Joern Fischer & Maraja Riechers
Is our world becoming more or less sustainable? Unfortunately, many indicators of environmental degradation and social justice show that humanity is not at all on track – we’re still clearing rainforests, still causing climate change, and the number of undernourished people is actually rising rather than declining.
Our paper offers a fresh perspective from which to tackle humanity’s contemporary grand challenges. We call this new approach a “leverage points perspective”. Leverage points are strategic places in a system where interventions can bring about major change. A leverage points perspective suggests four key priorities for sustainability.
First, we can’t just set ambitious targets, but we need to firmly link such targets to tangible actions and actions to targets. Change arises both from the intent we pursue, as well as from the ways in which events are causally related. Scientists have often focused on causal explanations of change, and politicians have often focused on setting targets – but the two have rarely been effectively linked.
Second, we need to start discussing and challenging deeply entrenched beliefs and worldviews that stand in the way of a sustainable future. Can we really expect, for example, that we will reach environmental sustainability or social justice while we organize our economic systems around endless material growth?

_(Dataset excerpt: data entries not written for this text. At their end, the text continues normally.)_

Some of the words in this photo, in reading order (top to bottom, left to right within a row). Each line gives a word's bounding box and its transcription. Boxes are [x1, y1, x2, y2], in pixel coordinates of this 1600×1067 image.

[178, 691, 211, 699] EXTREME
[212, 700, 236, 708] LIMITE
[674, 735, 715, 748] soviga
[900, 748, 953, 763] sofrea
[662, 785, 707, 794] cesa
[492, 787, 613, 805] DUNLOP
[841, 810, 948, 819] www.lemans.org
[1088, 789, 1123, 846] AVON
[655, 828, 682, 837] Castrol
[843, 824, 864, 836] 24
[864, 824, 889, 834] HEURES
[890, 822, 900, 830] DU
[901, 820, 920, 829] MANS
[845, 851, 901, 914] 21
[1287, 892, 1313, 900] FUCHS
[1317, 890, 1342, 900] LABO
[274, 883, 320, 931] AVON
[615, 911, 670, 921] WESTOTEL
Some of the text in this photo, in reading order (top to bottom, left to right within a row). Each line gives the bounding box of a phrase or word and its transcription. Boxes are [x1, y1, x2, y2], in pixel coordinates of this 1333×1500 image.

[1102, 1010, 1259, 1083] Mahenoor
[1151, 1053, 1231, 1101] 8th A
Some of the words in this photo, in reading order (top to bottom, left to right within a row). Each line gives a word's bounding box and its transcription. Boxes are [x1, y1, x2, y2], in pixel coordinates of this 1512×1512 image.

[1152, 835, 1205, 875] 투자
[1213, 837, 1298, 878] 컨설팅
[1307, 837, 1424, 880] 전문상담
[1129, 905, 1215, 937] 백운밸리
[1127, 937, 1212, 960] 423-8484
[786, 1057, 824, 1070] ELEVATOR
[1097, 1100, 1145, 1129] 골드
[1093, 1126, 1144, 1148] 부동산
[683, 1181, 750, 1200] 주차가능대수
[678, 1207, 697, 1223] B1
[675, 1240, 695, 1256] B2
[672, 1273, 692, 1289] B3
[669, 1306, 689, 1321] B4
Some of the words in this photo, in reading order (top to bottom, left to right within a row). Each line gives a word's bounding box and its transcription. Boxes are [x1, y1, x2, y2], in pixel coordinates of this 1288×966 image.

Third, we need to better understand how different types of policy interventions pave the way for change. Advocates pursue easy interventions, like reducing the use of plastic bags, in order to do something tangible, and because these actions can also trigger a change in mindsets. But does this logic work in practice? How should we best intervene in the world to ultimately bring about truly transformative change?
Finally, we need ways to link different types of people and their diverse understandings of the world. We need to link academics from different disciplines with one another, as well as with stakeholders from politics, industry and society at large.
Our paper shows that a leverage points perspective is ideally placed to meet these priorities.